Теперь во мне спокойствие и счастье.
Прощай, мой тихий, ты мне вечно мил
За то, что в дом свой странницу пустил.
С Шилейко, который до революции был домашним учителем детей графа Шереметева, а потом остался жить в отведенной для него «учительской» комнате, Ахматова впервые переступила порог знаменитого Шереметевского дворца на Фонтанке, где потом ей предстояло поселиться в квартире Пунина. Но до этого еще следовало дожить.
Роман с Пуниным начался на фоне завершающихся отношений с Артуром Лурье. У Ахматовой так случалось не раз — но если во всех остальных случаях ей удавалось вовремя ускользнуть, чтобы сохранить себя, не оказаться в безнадежном плену, не попасть под обломки, то теперь в любви с Пуниным с самого начала зазвучала трагическая нота, много чего предрекающая. Прощаясь с Лурье, она горделиво декларировала:
Мне не надо больше обреченных —
Пленников, заложников, рабов,
Только с милым мне и непреклонным
Буду я делить и хлеб и кров.
Воплотить этот вновь обретенный принцип в жизнь оказалось очень трудно. Главным препятствием была, конечно, любовь. Как сама Ахматова писала о ней: «И говорят — нельзя теснее слиться, / Нельзя непоправимее любить...»
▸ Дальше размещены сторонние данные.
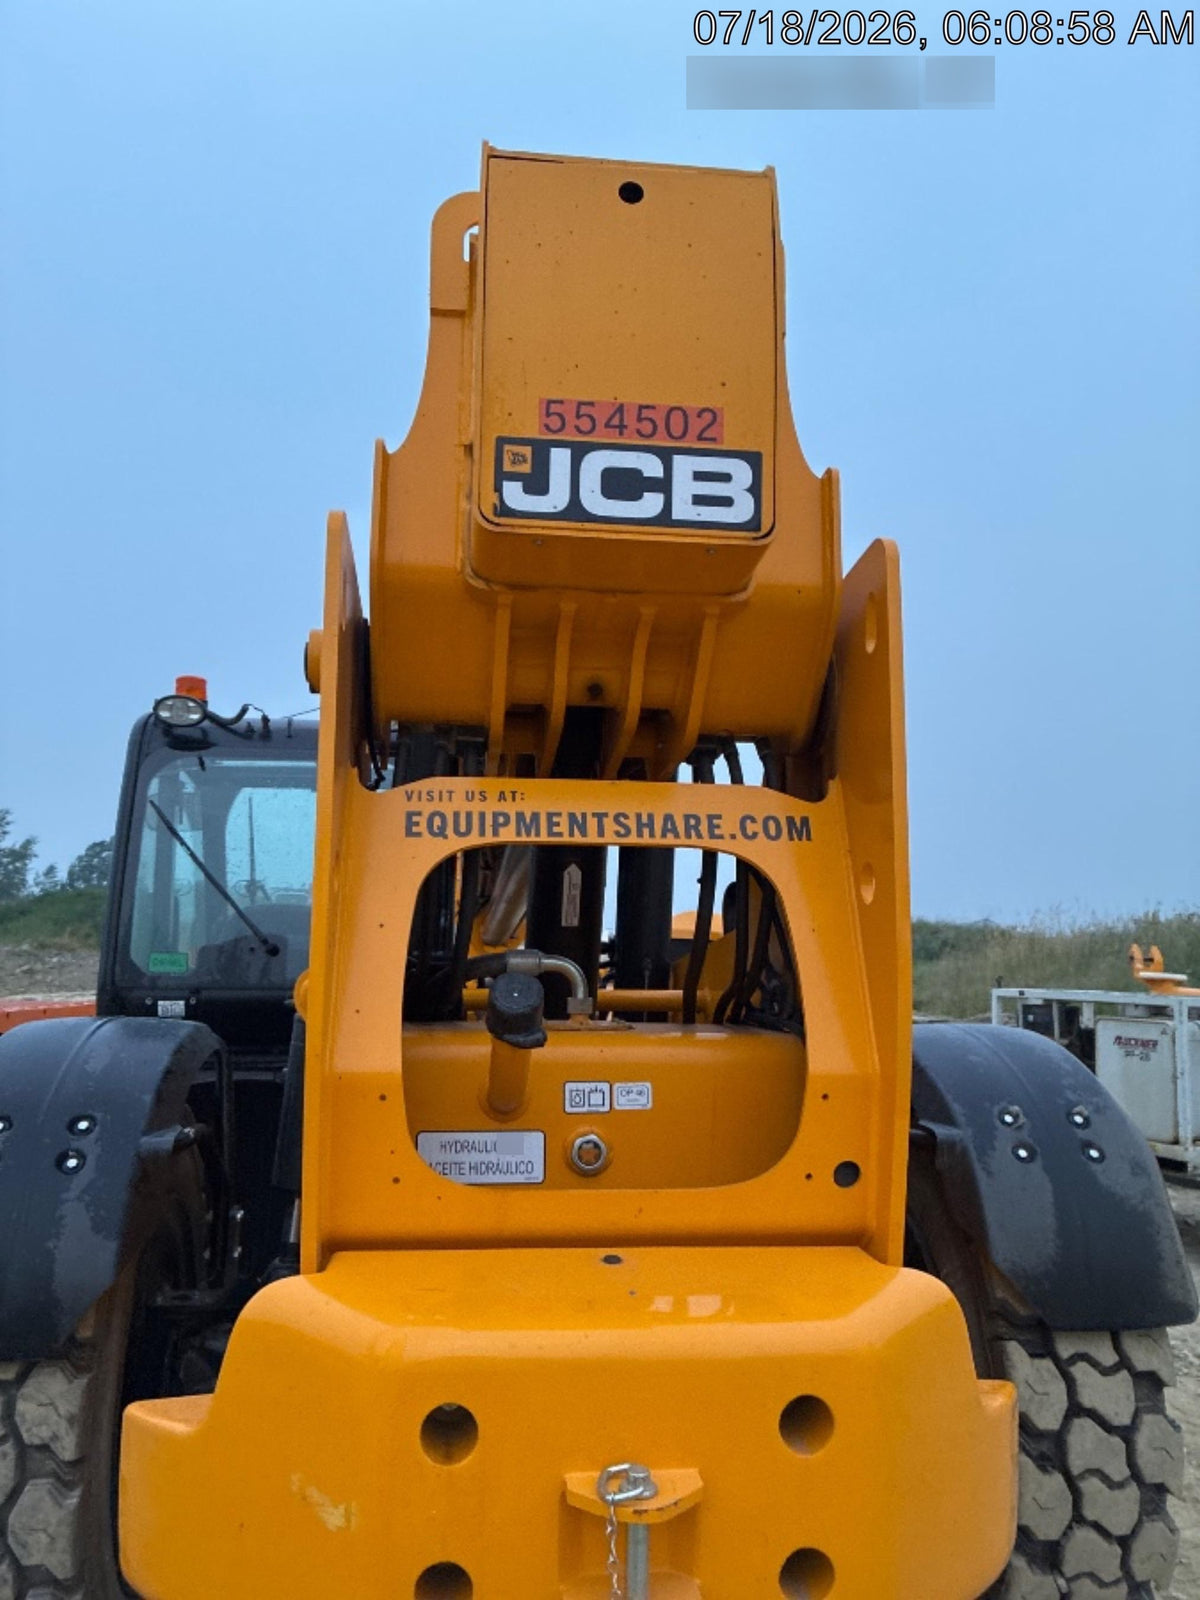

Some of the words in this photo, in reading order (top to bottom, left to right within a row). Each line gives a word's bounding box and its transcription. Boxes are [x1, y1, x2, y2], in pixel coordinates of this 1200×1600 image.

[543, 400, 718, 442] 554502
[502, 447, 755, 524] JCB
[404, 790, 456, 802] VISIT
[465, 790, 488, 803] US
[497, 790, 526, 803] AT:
[404, 810, 812, 842] EQUIPMENTSHARE.COM
О Пунине этого времени сохранились выразительные воспоминания: «Николай Николаевич Пунин был похож на портрет Тютчева. Это сходство замечали окружающие. А. А. Ахматова рассказывала, что, когда, еще в двадцатых годах, она приехала в Москву с Пуниным и они вместе появились в каком-то литературном доме, поэт Н. Н. Асеев первый заметил и эффектно возвестил хозяевам их приход: “Ахматова и с ней молодой Тютчев!” С годами это сходство становилось все более очевидным: большой покатый лоб, нервное лицо, редкие, всегда чуть всклокоченные волосы, слегка обрюзгшие щеки, очки. Сходство, я думаю, не ограничивалось одной лишь внешностью; за ним угадывалось какое-то духовное родство. <...> Самой характерной чертой Пунина я назвал бы постоянное и сильное душевное напряжение. Можно было предположить, что в его сознании никогда не прекращается какая-то трудная и тревожная внутренняя работа. Он всегда казался взволнованным. Напряжение находило выход в нервном тике, который часто передергивал его лицо»[255].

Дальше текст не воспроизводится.